Я не знаю во всей толстовской литературе ничего, не только равного по музыкальности тургеневской „Кларе Милич“, но что бы в том же отношении можно было поставить рядом хотя с „Белыми ночами“ Достоевского. Достоевский и тот имел свою минуту, одну минуту несомненного дионисовского счастия. Но могла ли проявиться власть музыкальной тайны в той поэзии, которая „Смертью Ивана Ильича“ и „Холстомером“ показала, что ей не страшна и та загадка, перед которой мы закрываем глаза? Никто не может сказать, конечно, таков ли бывает переход из одного бытия в другое, каким изобразил нам его Толстой в „Смерти Ивана Ильича“, но поэт, который приподнимает и это покрывало, что может скрывать от него музыкальное?..

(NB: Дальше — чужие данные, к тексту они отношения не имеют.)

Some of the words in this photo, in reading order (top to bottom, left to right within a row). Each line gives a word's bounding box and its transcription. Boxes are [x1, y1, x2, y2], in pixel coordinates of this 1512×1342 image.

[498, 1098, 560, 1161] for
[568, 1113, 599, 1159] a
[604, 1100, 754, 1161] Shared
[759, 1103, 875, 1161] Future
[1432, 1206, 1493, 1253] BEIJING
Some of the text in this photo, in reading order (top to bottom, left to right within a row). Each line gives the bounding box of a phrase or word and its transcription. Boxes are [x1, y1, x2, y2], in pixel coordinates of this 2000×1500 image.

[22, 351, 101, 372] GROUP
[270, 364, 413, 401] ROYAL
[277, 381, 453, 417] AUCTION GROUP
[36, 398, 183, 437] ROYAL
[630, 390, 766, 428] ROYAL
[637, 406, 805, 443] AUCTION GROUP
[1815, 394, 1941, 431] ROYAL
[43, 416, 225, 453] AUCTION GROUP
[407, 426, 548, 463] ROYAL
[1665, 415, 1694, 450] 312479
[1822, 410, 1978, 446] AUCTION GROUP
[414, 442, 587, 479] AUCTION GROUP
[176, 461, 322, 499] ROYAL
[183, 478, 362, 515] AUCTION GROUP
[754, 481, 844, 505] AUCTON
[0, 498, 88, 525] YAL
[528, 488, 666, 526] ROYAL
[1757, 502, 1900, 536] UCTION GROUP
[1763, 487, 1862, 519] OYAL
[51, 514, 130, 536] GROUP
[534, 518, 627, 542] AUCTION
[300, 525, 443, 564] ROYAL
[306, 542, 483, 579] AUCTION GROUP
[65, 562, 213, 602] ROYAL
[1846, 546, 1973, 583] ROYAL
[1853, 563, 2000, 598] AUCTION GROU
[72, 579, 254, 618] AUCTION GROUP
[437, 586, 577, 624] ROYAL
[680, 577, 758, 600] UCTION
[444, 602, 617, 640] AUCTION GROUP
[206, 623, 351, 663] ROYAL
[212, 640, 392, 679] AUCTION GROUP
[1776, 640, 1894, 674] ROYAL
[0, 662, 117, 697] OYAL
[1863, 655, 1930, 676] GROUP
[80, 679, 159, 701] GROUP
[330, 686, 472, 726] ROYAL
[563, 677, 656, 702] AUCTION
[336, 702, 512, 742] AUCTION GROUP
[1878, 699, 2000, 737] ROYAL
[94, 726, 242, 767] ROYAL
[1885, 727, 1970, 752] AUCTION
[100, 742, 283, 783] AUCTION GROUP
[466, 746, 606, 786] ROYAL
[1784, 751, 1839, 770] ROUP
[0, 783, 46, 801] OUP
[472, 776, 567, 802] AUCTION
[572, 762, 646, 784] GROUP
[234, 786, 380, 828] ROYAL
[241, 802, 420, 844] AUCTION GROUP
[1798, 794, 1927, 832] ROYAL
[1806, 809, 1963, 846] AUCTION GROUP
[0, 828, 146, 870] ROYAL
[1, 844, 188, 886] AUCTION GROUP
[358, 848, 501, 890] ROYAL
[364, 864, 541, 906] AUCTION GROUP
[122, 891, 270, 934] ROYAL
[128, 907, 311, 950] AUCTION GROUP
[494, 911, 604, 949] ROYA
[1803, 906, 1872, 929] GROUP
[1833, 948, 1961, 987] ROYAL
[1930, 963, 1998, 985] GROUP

Дюреровский рыцарь обрел слово: он сошел с коня и стал рассказывать ребятишкам сказки.[155] Но не требуйте ж от него, чтобы он пел. Голос его создан не для этого: он груб и жесток, этот голос, даже когда слова идут прямо в душу. Во „Власти тьмы“ не только нет музыки, но если отдаться во власть этой драмы, то начинаешь стыдиться самой любви своей к музыке. Так и кажется, что существует на свете не „Патетическая симфония“ Чайковского, не музыкальная победа над мукой, а только эффектный дирижер да накрашенные дамы в перчатках по локоть, которые слушают его из-за белых колонн залы Дворянского собрания. Драма Толстого — это действительность, только без возможности куда-нибудь от нее уйти и за нее не отвечать. Это действительность, с которой, если быть последовательным и смелым, даже нельзя жить, потому что в ней люди, единственно достойные жизни, осуждены чистить выгребные ямы и не находят этого даже особенно тяжелым. Это действительность, в которой нет ни прошедшего, ни будущего и где само настоящее кажется лишь дьявольской усмешкой Химеры, где самый бог, который будто бы учит нас переносить эту действительность, создан фантазией человека, сознавшего всю ее бесцельную грязь и глупость, создан, чтобы все видели, до какого отупения могут дойти кроткие. Это — действительность, но действительность невозможная, потому что это — одна действительность, сама действительность, а не та микстура, которую мы принимаем под этим именем ежедневно. Это — действительность, похожая на сон аскета, но не среди золотых миражей южной пустыни, где поют камни и пророчествуют побелевшие кости ослицы, — на сон, полный горячих соблазнов прошлого, — а на сон аскета, который ушел спасаться в холодную избу с чадящей керосинкой и тараканами, на тот сон, которому Ирония обрезала его радужные крылья и взамен дала власть прикрывать отчаяние и злобу иллюзией благословенного труда и непротивления.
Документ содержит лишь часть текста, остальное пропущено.